## TASK ITEM
Every record below needs to be written out exactly, apart from the pictures.

## RECORDS SUPPLIED
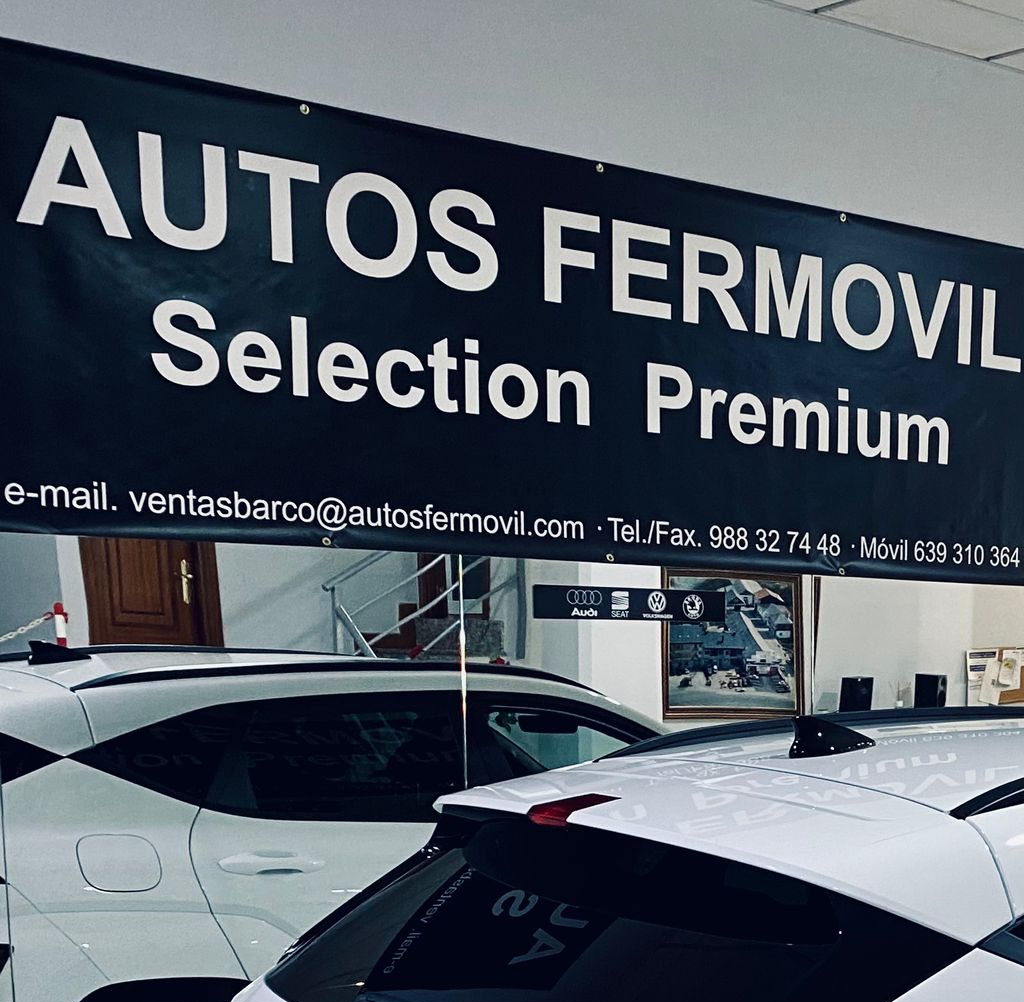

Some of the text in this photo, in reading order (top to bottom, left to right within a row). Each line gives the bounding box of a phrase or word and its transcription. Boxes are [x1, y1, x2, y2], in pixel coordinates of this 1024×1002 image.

[16, 115, 1022, 373] AUTOS FERMOVIL
[150, 299, 950, 465] Selection Premium
[4, 481, 1021, 568] e-mail. ventasbarco@autosfermovil.com Tel./Fax. 988 32 74 48 Móvil 639 310 364
[571, 607, 598, 617] Audi
[611, 610, 630, 618] SEAT
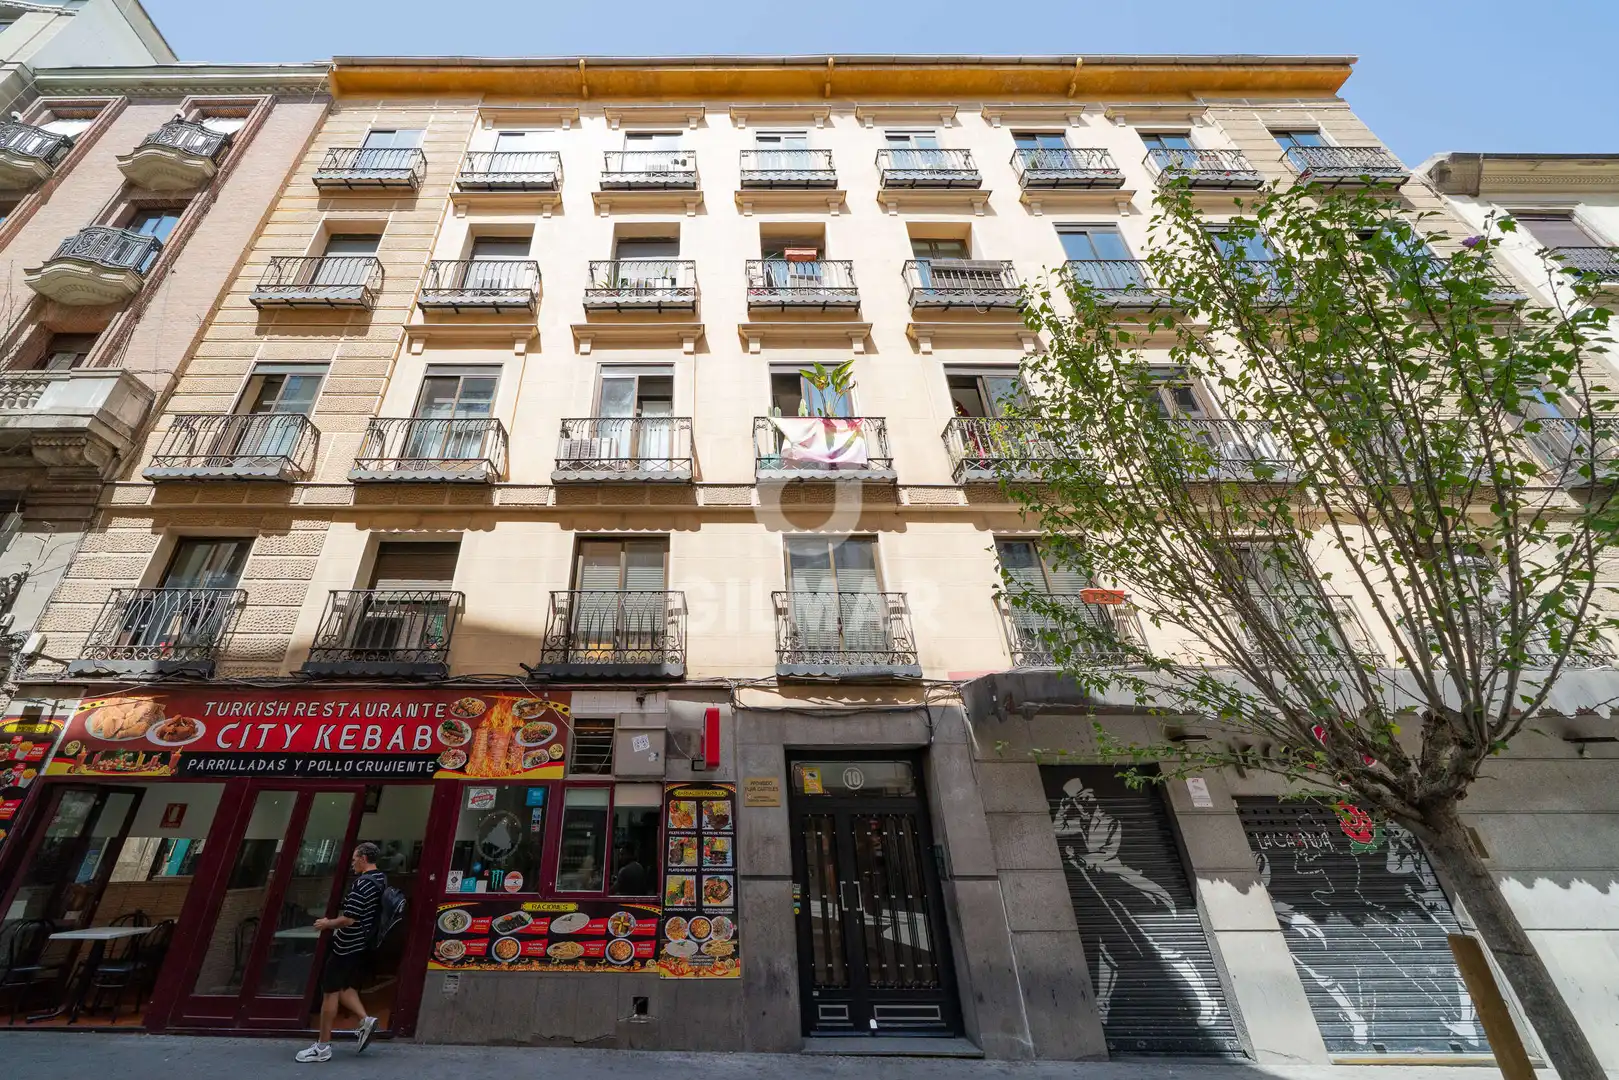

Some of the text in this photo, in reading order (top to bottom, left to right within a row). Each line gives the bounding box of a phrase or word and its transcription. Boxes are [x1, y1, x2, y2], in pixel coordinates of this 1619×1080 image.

[205, 700, 448, 718] TURKISH RESTAURANTE
[216, 720, 433, 751] CITY KEBAB
[186, 758, 436, 773] PARRILLADAS Y POLLO CRUJIENTE
[846, 771, 861, 786] 10

## RESULT FOR THIS EXERCISE
Some of the text in this photo, in reading order (top to bottom, left to right within a row). Each line gives the bounding box of a phrase or word and its transcription. Boxes are [x1, y1, x2, y2], in pixel coordinates of this 1024×1002 image.

[16, 115, 1022, 373] AUTOS FERMOVIL
[150, 299, 950, 465] Selection Premium
[4, 481, 1021, 568] e-mail. ventasbarco@autosfermovil.com Tel./Fax. 988 32 74 48 Móvil 639 310 364
[571, 607, 598, 617] Audi
[611, 610, 630, 618] SEAT

Some of the text in this photo, in reading order (top to bottom, left to right within a row). Each line gives the bounding box of a phrase or word and its transcription. Boxes are [x1, y1, x2, y2], in pixel coordinates of this 1619×1080 image.

[205, 700, 448, 718] TURKISH RESTAURANTE
[216, 720, 433, 751] CITY KEBAB
[186, 758, 436, 773] PARRILLADAS Y POLLO CRUJIENTE
[846, 771, 861, 786] 10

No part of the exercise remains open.